# Supplied records
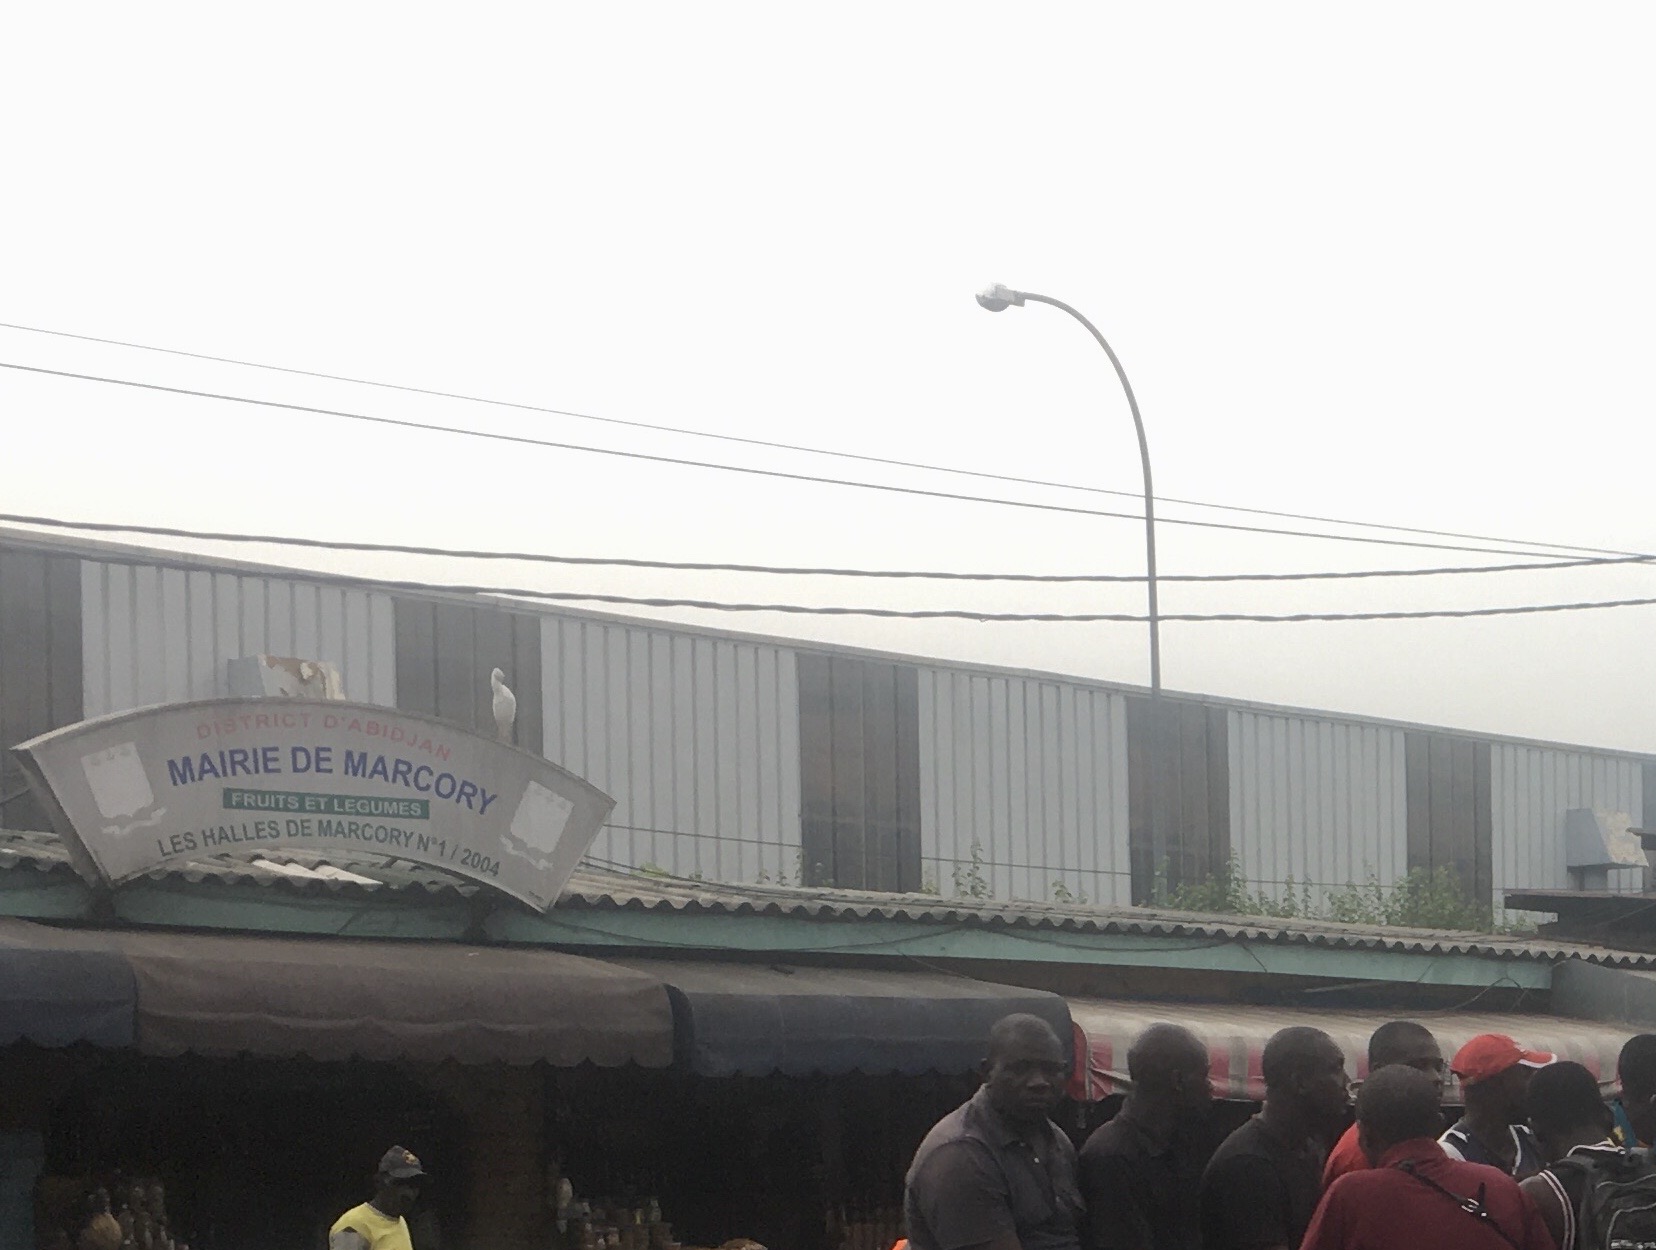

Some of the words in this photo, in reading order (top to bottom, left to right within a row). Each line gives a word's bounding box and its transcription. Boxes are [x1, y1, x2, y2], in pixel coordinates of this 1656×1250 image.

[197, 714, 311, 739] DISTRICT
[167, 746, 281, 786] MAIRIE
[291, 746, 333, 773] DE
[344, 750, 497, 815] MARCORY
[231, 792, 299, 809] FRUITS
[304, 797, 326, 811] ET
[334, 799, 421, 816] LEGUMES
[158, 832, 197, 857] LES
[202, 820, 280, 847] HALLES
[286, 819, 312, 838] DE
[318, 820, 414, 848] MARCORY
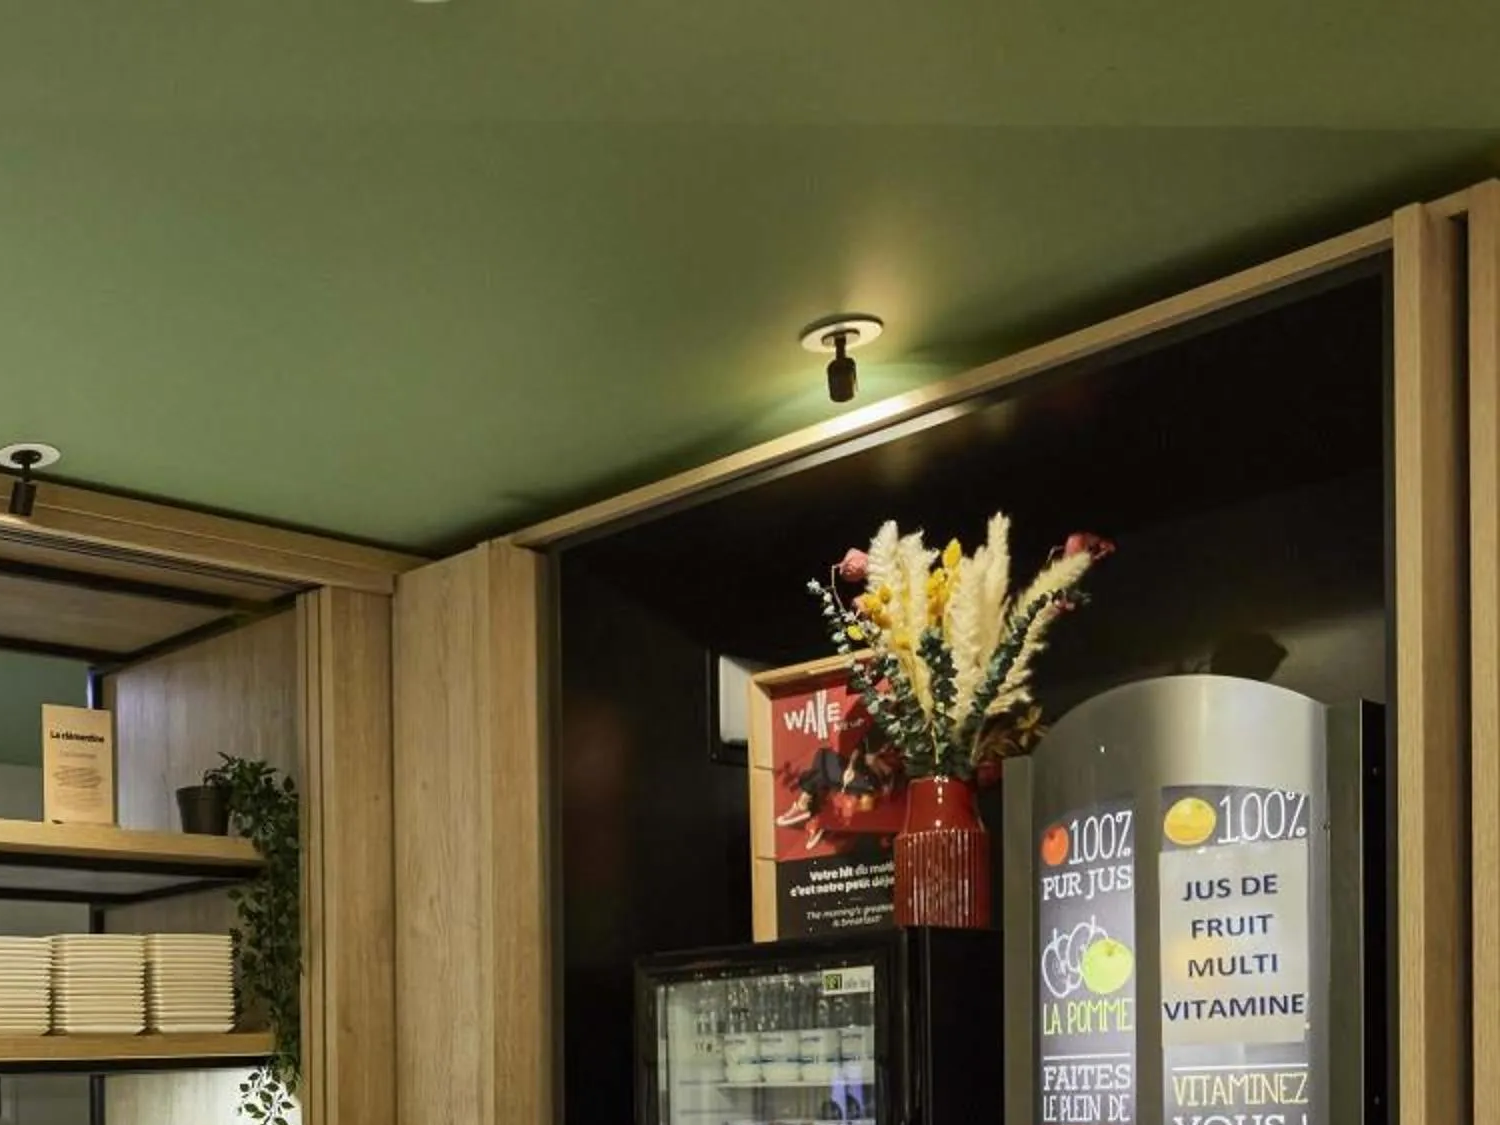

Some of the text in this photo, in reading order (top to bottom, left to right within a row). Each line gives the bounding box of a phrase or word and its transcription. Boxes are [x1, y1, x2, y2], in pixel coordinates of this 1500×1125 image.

# Task item
With the pictures left out, return each entry exactly as written.

# Result below
Some of the words in this photo, in reading order (top to bottom, left to right within a row). Each line gives a word's bounding box and its transcription. Boxes are [x1, y1, x2, y2], in pixel coordinates of this 1656×1250 image.

[197, 714, 311, 739] DISTRICT
[167, 746, 281, 786] MAIRIE
[291, 746, 333, 773] DE
[344, 750, 497, 815] MARCORY
[231, 792, 299, 809] FRUITS
[304, 797, 326, 811] ET
[334, 799, 421, 816] LEGUMES
[158, 832, 197, 857] LES
[202, 820, 280, 847] HALLES
[286, 819, 312, 838] DE
[318, 820, 414, 848] MARCORY

Some of the text in this photo, in reading order (top to bottom, left to right within a row). Each line gives the bounding box of a phrase or word and its transcription. Boxes are [x1, y1, x2, y2], in pixel coordinates of this 1500×1125 image.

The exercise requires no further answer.